Thursday, January 04, 2007

God's Angry Man (1980)

[Requested by Tom Sutpen.]

The Werner Herzog documentaries I've seen tend to be mesmerizing on the strength of their astonishing visuals and Herzog's recontextualization of such. So it's kind of odd to see one that's mesmerizing simply because of the man being profiled. There's very little Herzogian intrusion in God's Angry Man, but there doesn't need to be -- Dr. Gene Scott is an extraordinary enough man in his own right. He's a televangelist, but he's a breed apart from the phony cash-grabbing sincerity of Swaggart, Bakker and Co.; one of the most compelling things about Scott is that he comes off as a genuine believer. (At one point, he sits in silence, refusing to speak until donations start to pour in, then violently erupts with, "It has nothing to do with money at this point!" It says a lot that I believed him.) He's a fascinating, contradictory figure: ferocious when on camera and low-key when off, steadfast in his belief and devotion to his audience yet exhausted by the same and longing to break free from the constraints of expectations.

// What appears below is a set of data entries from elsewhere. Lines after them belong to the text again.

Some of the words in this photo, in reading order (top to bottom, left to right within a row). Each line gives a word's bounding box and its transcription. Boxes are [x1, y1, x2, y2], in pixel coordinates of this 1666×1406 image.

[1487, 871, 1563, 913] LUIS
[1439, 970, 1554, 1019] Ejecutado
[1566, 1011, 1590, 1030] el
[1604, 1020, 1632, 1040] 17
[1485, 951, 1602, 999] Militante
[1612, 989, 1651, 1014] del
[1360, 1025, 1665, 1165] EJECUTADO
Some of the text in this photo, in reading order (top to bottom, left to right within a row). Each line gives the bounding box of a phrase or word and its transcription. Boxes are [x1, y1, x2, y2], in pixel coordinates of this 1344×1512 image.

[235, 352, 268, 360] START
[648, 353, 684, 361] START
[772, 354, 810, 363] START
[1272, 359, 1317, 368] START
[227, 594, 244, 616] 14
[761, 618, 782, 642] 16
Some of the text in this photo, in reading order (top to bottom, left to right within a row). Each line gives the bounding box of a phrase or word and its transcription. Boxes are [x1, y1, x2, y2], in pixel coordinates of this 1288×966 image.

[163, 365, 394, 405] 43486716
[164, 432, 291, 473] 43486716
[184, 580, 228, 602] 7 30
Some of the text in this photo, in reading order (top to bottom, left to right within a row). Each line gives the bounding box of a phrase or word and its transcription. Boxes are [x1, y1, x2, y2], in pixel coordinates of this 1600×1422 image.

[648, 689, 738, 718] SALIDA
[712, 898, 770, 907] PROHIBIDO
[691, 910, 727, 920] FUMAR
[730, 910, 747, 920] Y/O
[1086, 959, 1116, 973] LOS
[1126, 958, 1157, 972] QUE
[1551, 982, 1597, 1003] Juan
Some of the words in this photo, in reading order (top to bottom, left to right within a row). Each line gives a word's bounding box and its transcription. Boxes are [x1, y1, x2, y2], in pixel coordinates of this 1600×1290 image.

It's this last point that proves to be the emotional fulcrum of the film, as well as the one that launches Scott into the pantheon of quintessential Herzog figures -- here we have a man who opens a sermon with, "When I yell, I want to be heard," who stubbornly battles with the FCC in the face of overwhelming odds, who berates his audience for donating money after a tantrum with the line, "Why didn't you do it because you love God?"... and secretly, all he wants is to live in peace. It's this striving for something beyond oneself, the urge to transcend one's circumstances, that slides Scott in with Walter Steiner and Timothy Treadwell and Dieter Dengler as subjects worthy of a Herzog study. He may be "too good to be really bad and too bad to be really good," but that just makes him a man. This is what Herzog's silent, empathetic gaze captures, and it sparkles for all to see.